=== Instructions to follow ===
Word for word, write the records out again, but omit each picture.

=== Given records ===
====================

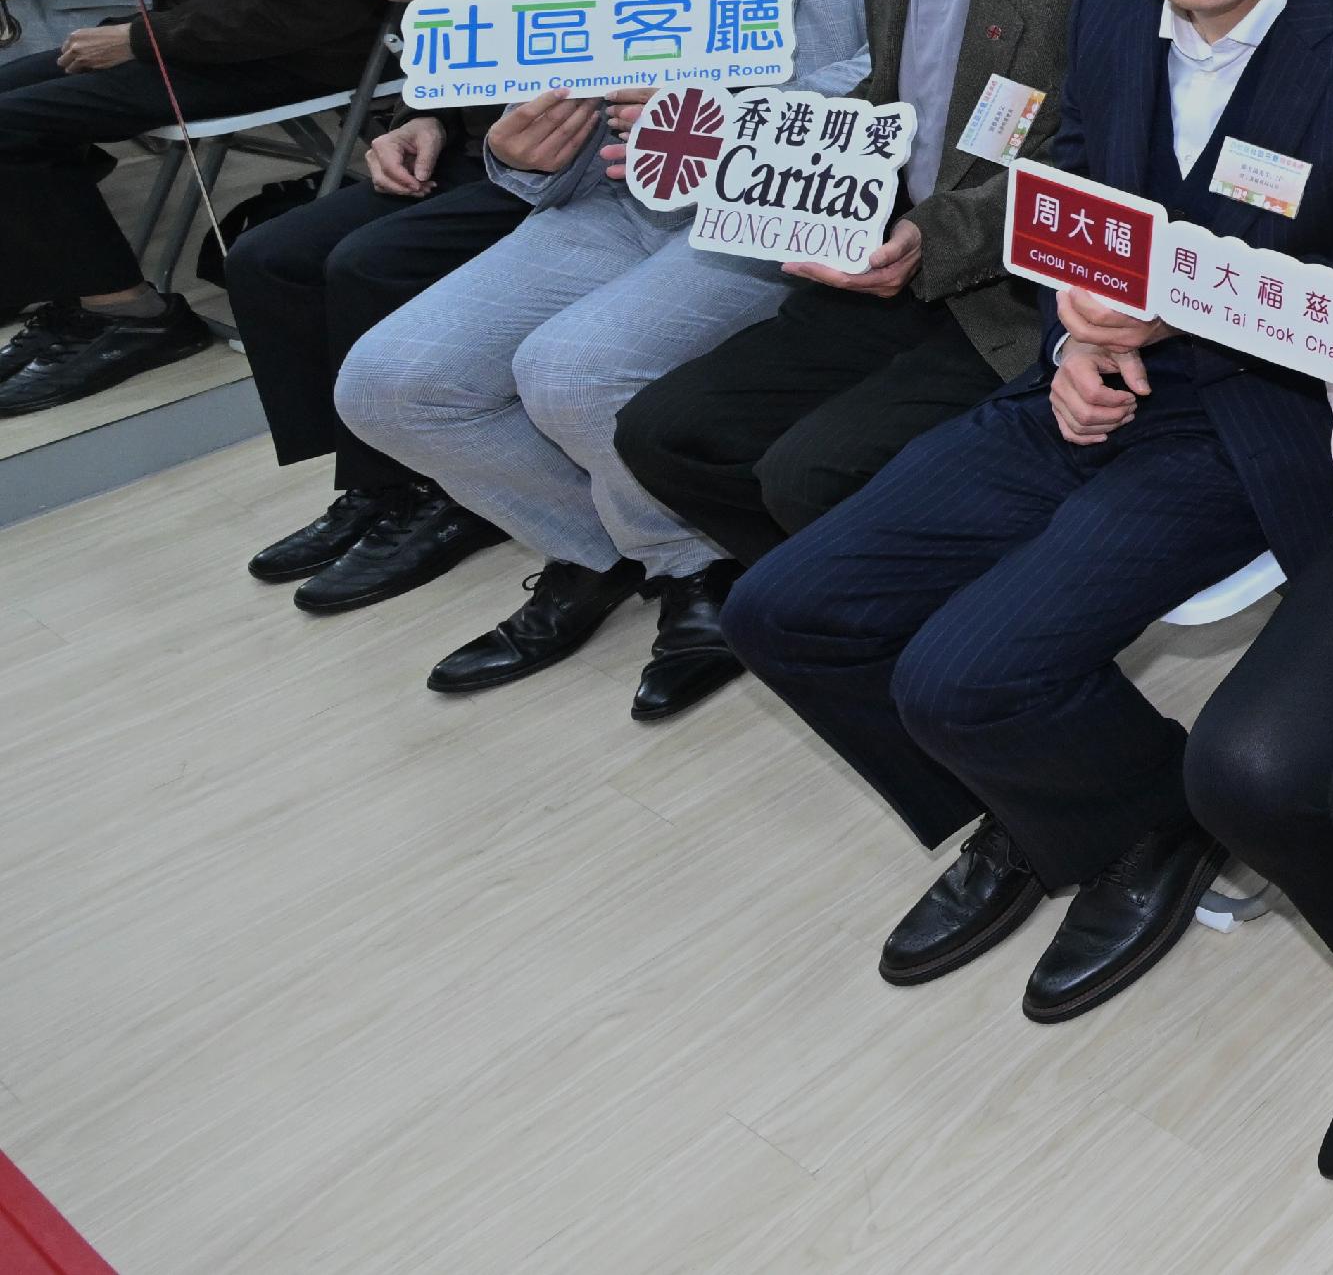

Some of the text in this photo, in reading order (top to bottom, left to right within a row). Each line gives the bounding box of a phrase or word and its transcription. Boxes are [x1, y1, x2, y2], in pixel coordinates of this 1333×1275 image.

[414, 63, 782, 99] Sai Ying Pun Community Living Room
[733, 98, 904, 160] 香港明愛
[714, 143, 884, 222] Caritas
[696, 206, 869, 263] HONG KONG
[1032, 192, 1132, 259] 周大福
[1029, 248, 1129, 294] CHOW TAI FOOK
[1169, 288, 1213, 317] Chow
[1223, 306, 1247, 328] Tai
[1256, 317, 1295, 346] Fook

====================

=== Solution for this exercise ===
Some of the text in this photo, in reading order (top to bottom, left to right within a row). Each line gives the bounding box of a phrase or word and its transcription. Boxes are [x1, y1, x2, y2], in pixel coordinates of this 1333×1275 image.

[414, 63, 782, 99] Sai Ying Pun Community Living Room
[733, 98, 904, 160] 香港明愛
[714, 143, 884, 222] Caritas
[696, 206, 869, 263] HONG KONG
[1032, 192, 1132, 259] 周大福
[1029, 248, 1129, 294] CHOW TAI FOOK
[1169, 288, 1213, 317] Chow
[1223, 306, 1247, 328] Tai
[1256, 317, 1295, 346] Fook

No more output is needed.